**What is expected**
Once the line containing "this 1920×1440 image." is found in the data below, output that line and every line after it through the last, unchanged and with nothing else.

[Dataset entries]
++++++++++
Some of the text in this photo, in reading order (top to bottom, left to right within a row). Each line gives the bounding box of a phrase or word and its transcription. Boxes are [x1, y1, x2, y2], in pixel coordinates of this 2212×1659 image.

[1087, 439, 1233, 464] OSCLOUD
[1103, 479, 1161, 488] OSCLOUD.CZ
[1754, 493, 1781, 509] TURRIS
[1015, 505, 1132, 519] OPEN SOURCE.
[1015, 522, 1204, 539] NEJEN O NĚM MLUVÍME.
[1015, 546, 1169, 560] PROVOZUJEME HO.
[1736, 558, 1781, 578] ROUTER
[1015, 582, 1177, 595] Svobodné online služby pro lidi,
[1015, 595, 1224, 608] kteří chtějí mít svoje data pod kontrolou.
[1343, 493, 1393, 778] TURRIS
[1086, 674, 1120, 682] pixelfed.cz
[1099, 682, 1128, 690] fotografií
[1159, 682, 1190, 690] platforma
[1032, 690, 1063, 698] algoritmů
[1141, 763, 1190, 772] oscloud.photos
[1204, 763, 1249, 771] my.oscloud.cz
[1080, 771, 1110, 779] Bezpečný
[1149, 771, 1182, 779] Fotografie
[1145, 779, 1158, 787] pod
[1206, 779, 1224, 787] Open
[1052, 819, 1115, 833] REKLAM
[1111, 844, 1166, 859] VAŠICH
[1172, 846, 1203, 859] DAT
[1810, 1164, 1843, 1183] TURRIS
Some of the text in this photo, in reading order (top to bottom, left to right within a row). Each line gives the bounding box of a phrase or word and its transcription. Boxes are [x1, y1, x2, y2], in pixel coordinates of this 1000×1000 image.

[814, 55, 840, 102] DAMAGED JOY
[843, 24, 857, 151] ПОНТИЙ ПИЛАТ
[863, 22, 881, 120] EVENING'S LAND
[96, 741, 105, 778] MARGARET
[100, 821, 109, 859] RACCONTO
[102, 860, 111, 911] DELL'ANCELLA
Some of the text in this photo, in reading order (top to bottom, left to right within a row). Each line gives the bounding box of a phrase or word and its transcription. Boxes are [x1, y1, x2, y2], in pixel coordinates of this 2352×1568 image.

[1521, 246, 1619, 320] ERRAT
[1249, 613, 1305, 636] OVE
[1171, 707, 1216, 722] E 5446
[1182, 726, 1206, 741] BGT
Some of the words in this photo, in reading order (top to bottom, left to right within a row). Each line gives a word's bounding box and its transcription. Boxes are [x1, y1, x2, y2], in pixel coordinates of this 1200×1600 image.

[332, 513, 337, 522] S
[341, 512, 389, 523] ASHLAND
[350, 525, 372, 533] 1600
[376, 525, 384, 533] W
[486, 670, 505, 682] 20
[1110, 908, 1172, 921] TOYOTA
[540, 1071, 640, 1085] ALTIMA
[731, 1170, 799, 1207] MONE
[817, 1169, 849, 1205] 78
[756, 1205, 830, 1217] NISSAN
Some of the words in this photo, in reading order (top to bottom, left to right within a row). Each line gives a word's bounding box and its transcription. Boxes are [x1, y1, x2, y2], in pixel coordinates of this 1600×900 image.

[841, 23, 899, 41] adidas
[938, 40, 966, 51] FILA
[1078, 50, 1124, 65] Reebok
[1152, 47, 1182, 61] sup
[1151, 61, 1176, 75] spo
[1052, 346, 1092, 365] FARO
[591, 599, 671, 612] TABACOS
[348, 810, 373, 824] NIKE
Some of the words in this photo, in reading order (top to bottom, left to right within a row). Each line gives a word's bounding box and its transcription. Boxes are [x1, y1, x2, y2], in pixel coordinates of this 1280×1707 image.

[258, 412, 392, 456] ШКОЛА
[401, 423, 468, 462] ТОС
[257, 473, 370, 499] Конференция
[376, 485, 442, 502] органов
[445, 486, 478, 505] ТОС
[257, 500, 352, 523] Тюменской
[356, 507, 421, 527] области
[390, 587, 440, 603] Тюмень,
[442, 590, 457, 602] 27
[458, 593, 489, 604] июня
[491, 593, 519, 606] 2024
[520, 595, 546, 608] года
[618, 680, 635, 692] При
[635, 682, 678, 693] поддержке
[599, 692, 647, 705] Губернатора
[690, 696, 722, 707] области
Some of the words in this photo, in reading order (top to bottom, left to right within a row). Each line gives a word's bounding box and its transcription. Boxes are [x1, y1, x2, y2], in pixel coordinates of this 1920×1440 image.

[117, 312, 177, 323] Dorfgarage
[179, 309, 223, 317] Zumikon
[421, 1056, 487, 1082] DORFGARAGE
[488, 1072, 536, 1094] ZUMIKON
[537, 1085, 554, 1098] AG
++++++++++
**Answer box**
Some of the words in this photo, in reading order (top to bottom, left to right within a row). Each line gives a word's bounding box and its transcription. Boxes are [x1, y1, x2, y2], in pixel coordinates of this 1920×1440 image.

[117, 312, 177, 323] Dorfgarage
[179, 309, 223, 317] Zumikon
[421, 1056, 487, 1082] DORFGARAGE
[488, 1072, 536, 1094] ZUMIKON
[537, 1085, 554, 1098] AG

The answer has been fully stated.